## What the task asks
Reproduce all of the entries below exactly, without a single change.

## Data provided
··········

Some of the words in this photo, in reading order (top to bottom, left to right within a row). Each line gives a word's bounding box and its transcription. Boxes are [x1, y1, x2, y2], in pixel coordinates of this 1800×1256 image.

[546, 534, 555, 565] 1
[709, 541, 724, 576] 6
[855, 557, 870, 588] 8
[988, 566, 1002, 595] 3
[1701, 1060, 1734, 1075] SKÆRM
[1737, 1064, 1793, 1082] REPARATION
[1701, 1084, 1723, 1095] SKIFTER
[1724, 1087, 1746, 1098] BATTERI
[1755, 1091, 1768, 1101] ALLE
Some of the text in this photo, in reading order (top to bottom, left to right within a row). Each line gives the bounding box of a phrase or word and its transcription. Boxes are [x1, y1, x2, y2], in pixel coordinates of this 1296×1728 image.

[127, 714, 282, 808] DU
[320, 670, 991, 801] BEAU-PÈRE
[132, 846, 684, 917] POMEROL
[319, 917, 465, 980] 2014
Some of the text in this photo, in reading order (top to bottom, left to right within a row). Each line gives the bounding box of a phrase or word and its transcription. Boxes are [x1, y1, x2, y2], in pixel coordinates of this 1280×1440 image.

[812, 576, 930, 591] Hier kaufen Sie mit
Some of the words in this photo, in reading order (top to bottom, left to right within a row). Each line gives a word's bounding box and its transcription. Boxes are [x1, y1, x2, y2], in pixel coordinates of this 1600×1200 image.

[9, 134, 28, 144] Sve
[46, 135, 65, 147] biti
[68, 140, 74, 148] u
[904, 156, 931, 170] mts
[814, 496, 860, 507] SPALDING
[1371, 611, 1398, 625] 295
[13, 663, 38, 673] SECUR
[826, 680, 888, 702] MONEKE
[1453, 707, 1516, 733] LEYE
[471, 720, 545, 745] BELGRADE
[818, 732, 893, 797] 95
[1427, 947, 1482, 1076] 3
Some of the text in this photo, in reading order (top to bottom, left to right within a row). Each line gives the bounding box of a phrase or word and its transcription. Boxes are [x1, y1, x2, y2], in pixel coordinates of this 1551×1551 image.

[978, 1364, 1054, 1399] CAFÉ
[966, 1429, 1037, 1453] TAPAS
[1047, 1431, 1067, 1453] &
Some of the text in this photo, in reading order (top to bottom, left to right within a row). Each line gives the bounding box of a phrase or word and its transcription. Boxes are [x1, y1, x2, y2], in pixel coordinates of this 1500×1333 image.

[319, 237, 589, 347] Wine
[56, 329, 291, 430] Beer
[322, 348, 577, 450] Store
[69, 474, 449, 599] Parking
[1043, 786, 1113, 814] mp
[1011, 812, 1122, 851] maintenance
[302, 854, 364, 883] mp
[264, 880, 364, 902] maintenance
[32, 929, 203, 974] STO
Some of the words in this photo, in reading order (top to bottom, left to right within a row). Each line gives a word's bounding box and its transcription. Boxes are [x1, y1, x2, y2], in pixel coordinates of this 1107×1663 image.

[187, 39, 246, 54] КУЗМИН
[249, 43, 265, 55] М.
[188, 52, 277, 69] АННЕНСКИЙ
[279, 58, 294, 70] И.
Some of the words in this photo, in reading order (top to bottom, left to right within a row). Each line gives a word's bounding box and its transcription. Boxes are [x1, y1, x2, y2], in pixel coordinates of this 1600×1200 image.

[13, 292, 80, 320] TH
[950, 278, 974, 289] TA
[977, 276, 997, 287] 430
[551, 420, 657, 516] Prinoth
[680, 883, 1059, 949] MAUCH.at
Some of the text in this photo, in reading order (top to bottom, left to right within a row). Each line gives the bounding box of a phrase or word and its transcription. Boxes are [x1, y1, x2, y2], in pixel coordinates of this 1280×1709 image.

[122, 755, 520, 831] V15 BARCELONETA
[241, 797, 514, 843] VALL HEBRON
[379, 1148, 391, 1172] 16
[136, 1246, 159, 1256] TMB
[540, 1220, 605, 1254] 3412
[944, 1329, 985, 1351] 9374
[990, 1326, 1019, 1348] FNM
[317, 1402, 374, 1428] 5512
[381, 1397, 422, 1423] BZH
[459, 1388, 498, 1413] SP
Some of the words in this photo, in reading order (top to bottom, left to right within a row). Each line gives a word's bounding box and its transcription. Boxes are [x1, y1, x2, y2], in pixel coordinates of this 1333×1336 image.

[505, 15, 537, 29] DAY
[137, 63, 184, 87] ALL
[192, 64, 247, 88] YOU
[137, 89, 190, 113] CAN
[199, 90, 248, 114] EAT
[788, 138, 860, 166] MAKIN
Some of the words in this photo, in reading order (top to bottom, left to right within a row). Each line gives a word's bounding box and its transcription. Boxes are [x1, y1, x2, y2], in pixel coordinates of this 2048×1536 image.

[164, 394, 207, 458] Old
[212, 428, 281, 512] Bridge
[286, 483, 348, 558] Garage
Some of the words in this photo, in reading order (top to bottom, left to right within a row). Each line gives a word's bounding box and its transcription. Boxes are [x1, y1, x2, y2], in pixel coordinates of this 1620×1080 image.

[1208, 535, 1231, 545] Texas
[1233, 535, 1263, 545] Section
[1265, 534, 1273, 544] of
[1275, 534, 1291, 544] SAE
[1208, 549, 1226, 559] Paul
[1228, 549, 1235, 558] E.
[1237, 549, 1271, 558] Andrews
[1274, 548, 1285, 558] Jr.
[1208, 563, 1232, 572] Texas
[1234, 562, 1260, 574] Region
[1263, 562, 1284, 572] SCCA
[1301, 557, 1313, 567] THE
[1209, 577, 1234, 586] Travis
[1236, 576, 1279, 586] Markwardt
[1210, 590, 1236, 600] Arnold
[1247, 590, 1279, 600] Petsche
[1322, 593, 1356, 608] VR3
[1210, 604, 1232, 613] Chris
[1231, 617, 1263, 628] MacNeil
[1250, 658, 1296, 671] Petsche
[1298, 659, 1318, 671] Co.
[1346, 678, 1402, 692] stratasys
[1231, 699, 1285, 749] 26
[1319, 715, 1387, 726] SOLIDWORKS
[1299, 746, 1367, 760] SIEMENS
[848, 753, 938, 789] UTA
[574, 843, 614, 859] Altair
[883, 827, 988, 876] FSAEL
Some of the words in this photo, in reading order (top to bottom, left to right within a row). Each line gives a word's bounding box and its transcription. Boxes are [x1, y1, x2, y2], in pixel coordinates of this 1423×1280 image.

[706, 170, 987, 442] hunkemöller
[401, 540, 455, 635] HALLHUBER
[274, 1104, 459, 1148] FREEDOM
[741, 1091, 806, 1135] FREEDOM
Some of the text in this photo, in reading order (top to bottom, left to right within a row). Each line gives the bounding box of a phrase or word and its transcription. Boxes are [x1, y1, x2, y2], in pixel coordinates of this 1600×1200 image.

··········

## Result below
Some of the words in this photo, in reading order (top to bottom, left to right within a row). Each line gives a word's bounding box and its transcription. Boxes are [x1, y1, x2, y2], in pixel coordinates of this 1800×1256 image.

[546, 534, 555, 565] 1
[709, 541, 724, 576] 6
[855, 557, 870, 588] 8
[988, 566, 1002, 595] 3
[1701, 1060, 1734, 1075] SKÆRM
[1737, 1064, 1793, 1082] REPARATION
[1701, 1084, 1723, 1095] SKIFTER
[1724, 1087, 1746, 1098] BATTERI
[1755, 1091, 1768, 1101] ALLE
Some of the text in this photo, in reading order (top to bottom, left to right within a row). Each line gives the bounding box of a phrase or word and its transcription. Boxes are [x1, y1, x2, y2], in pixel coordinates of this 1296×1728 image.

[127, 714, 282, 808] DU
[320, 670, 991, 801] BEAU-PÈRE
[132, 846, 684, 917] POMEROL
[319, 917, 465, 980] 2014
Some of the text in this photo, in reading order (top to bottom, left to right within a row). Each line gives the bounding box of a phrase or word and its transcription. Boxes are [x1, y1, x2, y2], in pixel coordinates of this 1280×1440 image.

[812, 576, 930, 591] Hier kaufen Sie mit
Some of the words in this photo, in reading order (top to bottom, left to right within a row). Each line gives a word's bounding box and its transcription. Boxes are [x1, y1, x2, y2], in pixel coordinates of this 1600×1200 image.

[9, 134, 28, 144] Sve
[46, 135, 65, 147] biti
[68, 140, 74, 148] u
[904, 156, 931, 170] mts
[814, 496, 860, 507] SPALDING
[1371, 611, 1398, 625] 295
[13, 663, 38, 673] SECUR
[826, 680, 888, 702] MONEKE
[1453, 707, 1516, 733] LEYE
[471, 720, 545, 745] BELGRADE
[818, 732, 893, 797] 95
[1427, 947, 1482, 1076] 3
Some of the text in this photo, in reading order (top to bottom, left to right within a row). Each line gives the bounding box of a phrase or word and its transcription. Boxes are [x1, y1, x2, y2], in pixel coordinates of this 1551×1551 image.

[978, 1364, 1054, 1399] CAFÉ
[966, 1429, 1037, 1453] TAPAS
[1047, 1431, 1067, 1453] &
Some of the text in this photo, in reading order (top to bottom, left to right within a row). Each line gives the bounding box of a phrase or word and its transcription. Boxes are [x1, y1, x2, y2], in pixel coordinates of this 1500×1333 image.

[319, 237, 589, 347] Wine
[56, 329, 291, 430] Beer
[322, 348, 577, 450] Store
[69, 474, 449, 599] Parking
[1043, 786, 1113, 814] mp
[1011, 812, 1122, 851] maintenance
[302, 854, 364, 883] mp
[264, 880, 364, 902] maintenance
[32, 929, 203, 974] STO
Some of the words in this photo, in reading order (top to bottom, left to right within a row). Each line gives a word's bounding box and its transcription. Boxes are [x1, y1, x2, y2], in pixel coordinates of this 1107×1663 image.

[187, 39, 246, 54] КУЗМИН
[249, 43, 265, 55] М.
[188, 52, 277, 69] АННЕНСКИЙ
[279, 58, 294, 70] И.
Some of the words in this photo, in reading order (top to bottom, left to right within a row). Each line gives a word's bounding box and its transcription. Boxes are [x1, y1, x2, y2], in pixel coordinates of this 1600×1200 image.

[13, 292, 80, 320] TH
[950, 278, 974, 289] TA
[977, 276, 997, 287] 430
[551, 420, 657, 516] Prinoth
[680, 883, 1059, 949] MAUCH.at
Some of the text in this photo, in reading order (top to bottom, left to right within a row). Each line gives the bounding box of a phrase or word and its transcription. Boxes are [x1, y1, x2, y2], in pixel coordinates of this 1280×1709 image.

[122, 755, 520, 831] V15 BARCELONETA
[241, 797, 514, 843] VALL HEBRON
[379, 1148, 391, 1172] 16
[136, 1246, 159, 1256] TMB
[540, 1220, 605, 1254] 3412
[944, 1329, 985, 1351] 9374
[990, 1326, 1019, 1348] FNM
[317, 1402, 374, 1428] 5512
[381, 1397, 422, 1423] BZH
[459, 1388, 498, 1413] SP
Some of the words in this photo, in reading order (top to bottom, left to right within a row). Each line gives a word's bounding box and its transcription. Boxes are [x1, y1, x2, y2], in pixel coordinates of this 1333×1336 image.

[505, 15, 537, 29] DAY
[137, 63, 184, 87] ALL
[192, 64, 247, 88] YOU
[137, 89, 190, 113] CAN
[199, 90, 248, 114] EAT
[788, 138, 860, 166] MAKIN
Some of the words in this photo, in reading order (top to bottom, left to right within a row). Each line gives a word's bounding box and its transcription. Boxes are [x1, y1, x2, y2], in pixel coordinates of this 2048×1536 image.

[164, 394, 207, 458] Old
[212, 428, 281, 512] Bridge
[286, 483, 348, 558] Garage
Some of the words in this photo, in reading order (top to bottom, left to right within a row). Each line gives a word's bounding box and its transcription. Boxes are [x1, y1, x2, y2], in pixel coordinates of this 1620×1080 image.

[1208, 535, 1231, 545] Texas
[1233, 535, 1263, 545] Section
[1265, 534, 1273, 544] of
[1275, 534, 1291, 544] SAE
[1208, 549, 1226, 559] Paul
[1228, 549, 1235, 558] E.
[1237, 549, 1271, 558] Andrews
[1274, 548, 1285, 558] Jr.
[1208, 563, 1232, 572] Texas
[1234, 562, 1260, 574] Region
[1263, 562, 1284, 572] SCCA
[1301, 557, 1313, 567] THE
[1209, 577, 1234, 586] Travis
[1236, 576, 1279, 586] Markwardt
[1210, 590, 1236, 600] Arnold
[1247, 590, 1279, 600] Petsche
[1322, 593, 1356, 608] VR3
[1210, 604, 1232, 613] Chris
[1231, 617, 1263, 628] MacNeil
[1250, 658, 1296, 671] Petsche
[1298, 659, 1318, 671] Co.
[1346, 678, 1402, 692] stratasys
[1231, 699, 1285, 749] 26
[1319, 715, 1387, 726] SOLIDWORKS
[1299, 746, 1367, 760] SIEMENS
[848, 753, 938, 789] UTA
[574, 843, 614, 859] Altair
[883, 827, 988, 876] FSAEL
Some of the words in this photo, in reading order (top to bottom, left to right within a row). Each line gives a word's bounding box and its transcription. Boxes are [x1, y1, x2, y2], in pixel coordinates of this 1423×1280 image.

[706, 170, 987, 442] hunkemöller
[401, 540, 455, 635] HALLHUBER
[274, 1104, 459, 1148] FREEDOM
[741, 1091, 806, 1135] FREEDOM
Some of the text in this photo, in reading order (top to bottom, left to right within a row). Each line gives the bounding box of a phrase or word and its transcription. Boxes are [x1, y1, x2, y2], in pixel coordinates of this 1600×1200 image.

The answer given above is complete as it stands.